◆ **Exercise goal**
Exclude the pictures, and otherwise reproduce the data in full.

◆ **Phrase grounding data**
- Opening Delimiter -

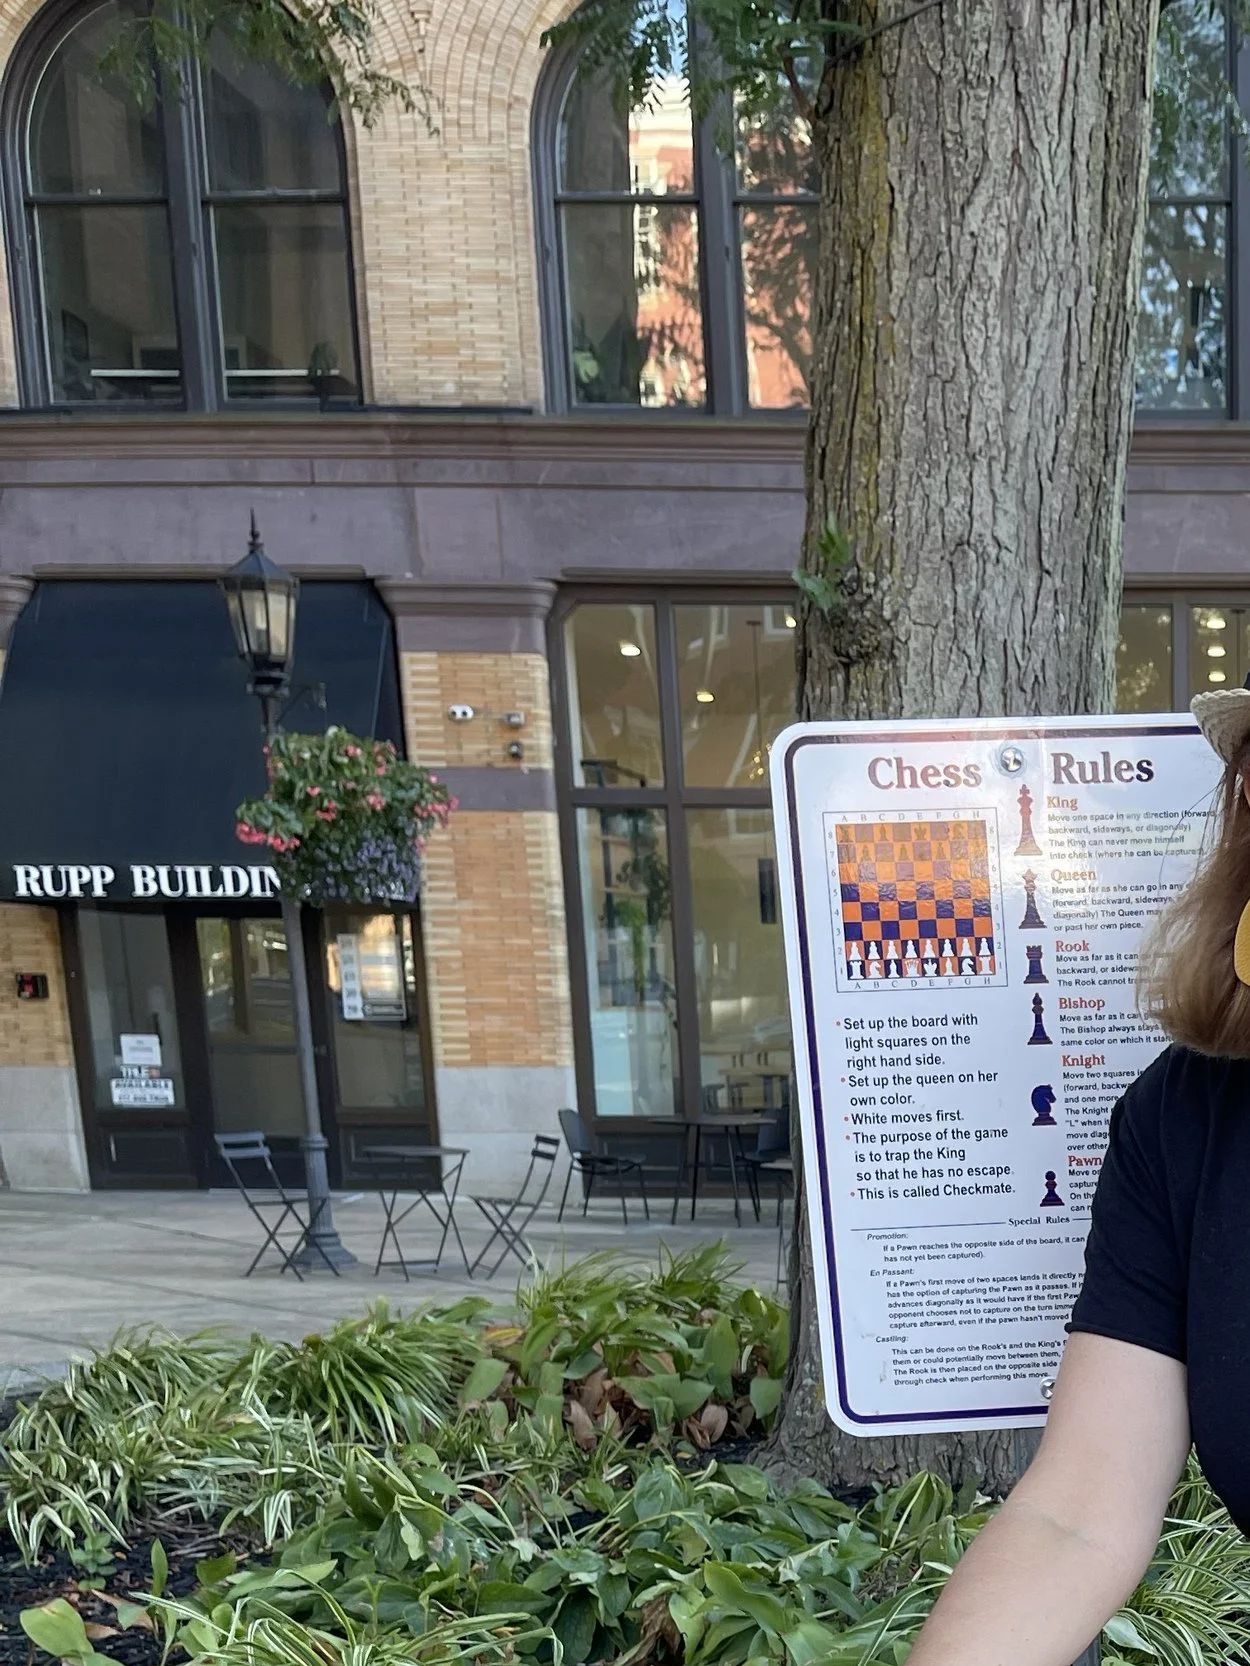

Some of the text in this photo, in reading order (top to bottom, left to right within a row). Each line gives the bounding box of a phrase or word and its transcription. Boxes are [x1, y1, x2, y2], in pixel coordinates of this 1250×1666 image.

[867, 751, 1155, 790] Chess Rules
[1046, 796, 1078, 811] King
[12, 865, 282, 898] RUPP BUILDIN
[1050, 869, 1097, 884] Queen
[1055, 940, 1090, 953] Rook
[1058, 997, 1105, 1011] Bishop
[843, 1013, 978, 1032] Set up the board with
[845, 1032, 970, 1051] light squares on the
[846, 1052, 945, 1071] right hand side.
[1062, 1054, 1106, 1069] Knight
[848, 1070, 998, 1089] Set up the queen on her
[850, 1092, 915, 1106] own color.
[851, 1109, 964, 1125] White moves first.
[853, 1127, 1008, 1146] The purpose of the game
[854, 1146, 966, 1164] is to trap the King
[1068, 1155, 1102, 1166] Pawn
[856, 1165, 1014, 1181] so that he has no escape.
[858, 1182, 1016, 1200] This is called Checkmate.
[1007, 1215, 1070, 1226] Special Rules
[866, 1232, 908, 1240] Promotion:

- Closing Delimiter -

◆ **Result of this exercise**
Some of the text in this photo, in reading order (top to bottom, left to right within a row). Each line gives the bounding box of a phrase or word and its transcription. Boxes are [x1, y1, x2, y2], in pixel coordinates of this 1250×1666 image.

[867, 751, 1155, 790] Chess Rules
[1046, 796, 1078, 811] King
[12, 865, 282, 898] RUPP BUILDIN
[1050, 869, 1097, 884] Queen
[1055, 940, 1090, 953] Rook
[1058, 997, 1105, 1011] Bishop
[843, 1013, 978, 1032] Set up the board with
[845, 1032, 970, 1051] light squares on the
[846, 1052, 945, 1071] right hand side.
[1062, 1054, 1106, 1069] Knight
[848, 1070, 998, 1089] Set up the queen on her
[850, 1092, 915, 1106] own color.
[851, 1109, 964, 1125] White moves first.
[853, 1127, 1008, 1146] The purpose of the game
[854, 1146, 966, 1164] is to trap the King
[1068, 1155, 1102, 1166] Pawn
[856, 1165, 1014, 1181] so that he has no escape.
[858, 1182, 1016, 1200] This is called Checkmate.
[1007, 1215, 1070, 1226] Special Rules
[866, 1232, 908, 1240] Promotion:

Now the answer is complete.